A Report on a patient with encephalopathy probably due to hypersensitive reaction of pyrindrug is presented. A 29-year-old man was admitted on August 18, 1961, with high fever and disturbances of consciousness. Because of fever with chill, he was given aspirin 1.0g and aminopyrin 0.3g daily for 4 days by his physician on August 14. On the next day a lot of urticaria-like skin eruptions with purpuric bleedings were found on his face, neck, chest and upper extremities, while he continued to have high fever and headache. Then, he was injected penicillin on August 16 and 17. The abnormal speech and behavior was observed by his family on August 17. He developed tonic convulsion followed by disturbances of consciousness on the day of admission. On admission he was found in a delirious state and urticaria-like skin eruptions with purpura were noted on a part of the upper body. The temperature was 39.5C; blood pressure 134/70. There were spot-like submucous bleedings on the eyelids and the mouth, and nothing particular in the chest and abdomen. The pupils were smaller in size and reacted slowly to light, corneal reflexes were absent.
Tendon reflexes of both lower extremities were overactive and pathologic reflexes on the left side were revealed. Leucocytes showed“shift to the left”; platlets count 39, 690; NPN 46.9 mg/dl; total cholesterol 105 mg/dl.
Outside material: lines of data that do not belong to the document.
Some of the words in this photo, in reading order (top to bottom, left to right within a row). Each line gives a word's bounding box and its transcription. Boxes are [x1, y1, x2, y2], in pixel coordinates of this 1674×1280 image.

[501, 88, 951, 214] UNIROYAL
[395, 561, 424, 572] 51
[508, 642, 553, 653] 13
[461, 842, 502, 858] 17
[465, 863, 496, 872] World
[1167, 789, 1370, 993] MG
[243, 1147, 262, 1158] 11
Erythrocyte sedimentation rate was accelerated moderately. No abnormalities were found in the urine and stool. The spinal fluid was slightly xanthochromic but clear with a initial pressure of 250 mm water. The cell count was 32/3, total protein 14 mg/dl, Nonne-Apelt 1+, and Pandy 2+. The test of Automatic nervous function was normal. Chest X-ray showed an exsudative focal shadow in the upper area of the left lung. Electrocardiogram was normal. Leucocytolysis was positive with aminopyrin (23.14%) and penicillin (19.16%) . After admission to the hospital, he was treated with predonisolone and antibiotics. Then the patient improved gradually since August 21, and recovered almost completely from symptoms on August 26. Hypersensitive reactions of pyrin drug are not uncommon, but most of these reactions are manifested by skinsymptoms, disturbances of the wall of blood vessels and/or blood dyscrasias.
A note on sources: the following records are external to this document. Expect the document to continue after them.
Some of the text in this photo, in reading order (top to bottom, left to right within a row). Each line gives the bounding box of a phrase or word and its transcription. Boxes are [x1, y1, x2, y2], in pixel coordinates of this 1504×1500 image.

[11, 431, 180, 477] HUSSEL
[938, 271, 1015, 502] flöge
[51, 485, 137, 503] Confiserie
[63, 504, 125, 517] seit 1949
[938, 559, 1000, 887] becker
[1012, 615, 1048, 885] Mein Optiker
Such serious cerebral symptoms due to hypersensitive reaction of pyrin drug, as in this patient, is quite rare. From the clinical course and examinations it was suggested that the clinical features of this patient might be caused circulatory disturbances, small and local bleedings or edema in the brain and meninges, resulting from disturbances of the wall of blood vessels and blood dyscrasias.